Due to the pandemic, technological problems regarding software updates and hardware issues have become more prevalent.

Learning management systems specialist, Gema Perez said that there were more problems on the faculty side because many were not interested in learning about the software, so students rose to the occasion.

“Before the pandemic, it was the student’s responsibility, but now that the college has the loaner program, it’s a shared responsibility,” Perez said.

The Laptop Loan and Internet Access Hotspot Program at El Camino started as a pilot program in 2019, and as a result of the pandemic, the program became more important.

El Camino has been phasing out Chromebooks as they are no longer a part of the lending program by adding other laptops such as Dell and HP.

Library learning resource specialist Erika Yates said that the program became a necessity in the pandemic and that they have done a good job ensuring students have what they need.

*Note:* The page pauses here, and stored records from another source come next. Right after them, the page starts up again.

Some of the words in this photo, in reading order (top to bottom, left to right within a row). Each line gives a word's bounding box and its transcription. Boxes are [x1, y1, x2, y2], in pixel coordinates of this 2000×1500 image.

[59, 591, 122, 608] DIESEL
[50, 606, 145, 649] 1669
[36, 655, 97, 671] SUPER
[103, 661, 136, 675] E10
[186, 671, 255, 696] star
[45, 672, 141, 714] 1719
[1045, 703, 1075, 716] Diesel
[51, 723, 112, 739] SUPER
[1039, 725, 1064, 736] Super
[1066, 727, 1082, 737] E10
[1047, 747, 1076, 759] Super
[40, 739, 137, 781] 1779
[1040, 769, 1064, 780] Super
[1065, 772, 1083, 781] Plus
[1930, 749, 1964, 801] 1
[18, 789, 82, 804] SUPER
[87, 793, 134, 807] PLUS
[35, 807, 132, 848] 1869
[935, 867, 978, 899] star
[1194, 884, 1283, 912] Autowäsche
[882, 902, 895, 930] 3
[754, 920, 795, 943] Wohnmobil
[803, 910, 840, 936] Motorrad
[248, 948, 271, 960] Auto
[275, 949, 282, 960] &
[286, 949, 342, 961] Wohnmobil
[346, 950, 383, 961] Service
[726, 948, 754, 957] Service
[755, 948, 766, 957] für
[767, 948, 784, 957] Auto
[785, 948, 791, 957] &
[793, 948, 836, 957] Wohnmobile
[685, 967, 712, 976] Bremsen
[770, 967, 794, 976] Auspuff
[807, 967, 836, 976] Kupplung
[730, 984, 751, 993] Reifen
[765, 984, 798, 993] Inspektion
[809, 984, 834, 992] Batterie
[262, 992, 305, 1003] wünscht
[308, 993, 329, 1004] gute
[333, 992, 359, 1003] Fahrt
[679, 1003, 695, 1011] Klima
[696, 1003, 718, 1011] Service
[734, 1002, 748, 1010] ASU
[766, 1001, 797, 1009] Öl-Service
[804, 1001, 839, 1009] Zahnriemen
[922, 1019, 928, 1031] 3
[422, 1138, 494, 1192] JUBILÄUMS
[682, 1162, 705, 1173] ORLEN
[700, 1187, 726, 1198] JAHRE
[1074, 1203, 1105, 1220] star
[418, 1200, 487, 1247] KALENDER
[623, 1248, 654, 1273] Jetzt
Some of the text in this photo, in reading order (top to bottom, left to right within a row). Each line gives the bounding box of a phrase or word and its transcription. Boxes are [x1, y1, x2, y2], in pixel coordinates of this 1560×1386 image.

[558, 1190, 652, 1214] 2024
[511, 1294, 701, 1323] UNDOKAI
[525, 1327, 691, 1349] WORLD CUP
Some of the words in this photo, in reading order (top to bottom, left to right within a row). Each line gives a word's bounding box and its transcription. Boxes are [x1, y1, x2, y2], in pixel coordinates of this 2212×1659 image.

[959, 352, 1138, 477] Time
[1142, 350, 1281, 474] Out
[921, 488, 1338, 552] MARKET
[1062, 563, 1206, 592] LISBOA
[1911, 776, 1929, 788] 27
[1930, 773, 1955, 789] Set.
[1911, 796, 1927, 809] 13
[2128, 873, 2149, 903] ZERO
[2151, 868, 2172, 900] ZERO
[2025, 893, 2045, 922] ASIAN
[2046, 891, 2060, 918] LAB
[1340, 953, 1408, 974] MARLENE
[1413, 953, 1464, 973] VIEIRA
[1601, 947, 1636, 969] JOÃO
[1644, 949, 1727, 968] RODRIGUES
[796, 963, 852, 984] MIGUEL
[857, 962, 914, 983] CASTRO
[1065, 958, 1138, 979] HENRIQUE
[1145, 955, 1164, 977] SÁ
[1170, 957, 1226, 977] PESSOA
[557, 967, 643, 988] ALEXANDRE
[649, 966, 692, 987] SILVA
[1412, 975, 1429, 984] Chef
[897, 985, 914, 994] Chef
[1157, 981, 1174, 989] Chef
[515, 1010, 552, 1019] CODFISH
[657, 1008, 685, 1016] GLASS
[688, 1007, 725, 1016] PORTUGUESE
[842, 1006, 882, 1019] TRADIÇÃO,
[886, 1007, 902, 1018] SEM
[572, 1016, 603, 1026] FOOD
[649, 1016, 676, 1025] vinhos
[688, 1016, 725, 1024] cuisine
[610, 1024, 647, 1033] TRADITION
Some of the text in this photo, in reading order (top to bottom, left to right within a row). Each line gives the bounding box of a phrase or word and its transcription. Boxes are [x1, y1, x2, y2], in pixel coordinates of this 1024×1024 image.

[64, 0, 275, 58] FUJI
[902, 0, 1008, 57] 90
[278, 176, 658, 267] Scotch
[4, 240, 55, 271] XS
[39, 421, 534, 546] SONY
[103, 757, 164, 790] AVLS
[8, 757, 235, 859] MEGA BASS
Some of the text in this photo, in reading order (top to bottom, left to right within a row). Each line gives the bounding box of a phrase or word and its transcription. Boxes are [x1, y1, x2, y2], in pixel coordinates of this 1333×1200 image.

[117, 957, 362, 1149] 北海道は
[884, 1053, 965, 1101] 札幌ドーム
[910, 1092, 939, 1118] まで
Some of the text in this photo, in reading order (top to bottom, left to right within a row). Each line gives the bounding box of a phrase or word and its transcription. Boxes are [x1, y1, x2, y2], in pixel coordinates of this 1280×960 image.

“If you’re a struggling student on your own, you have several choices to make, I think the school is understanding of that, so when it comes to fulfilling the needs of their students, they’re pretty good about it,” Yates said.

Wolfenstein also encourages anyone who has trouble with their Chromebooks or other devices to reach out to the lending program.

“I think that we as an institution, even though there is a separate challenge about system and software maintenance on our loaners, we strive to be able to support all the students who have a need,” Wolfenstein said.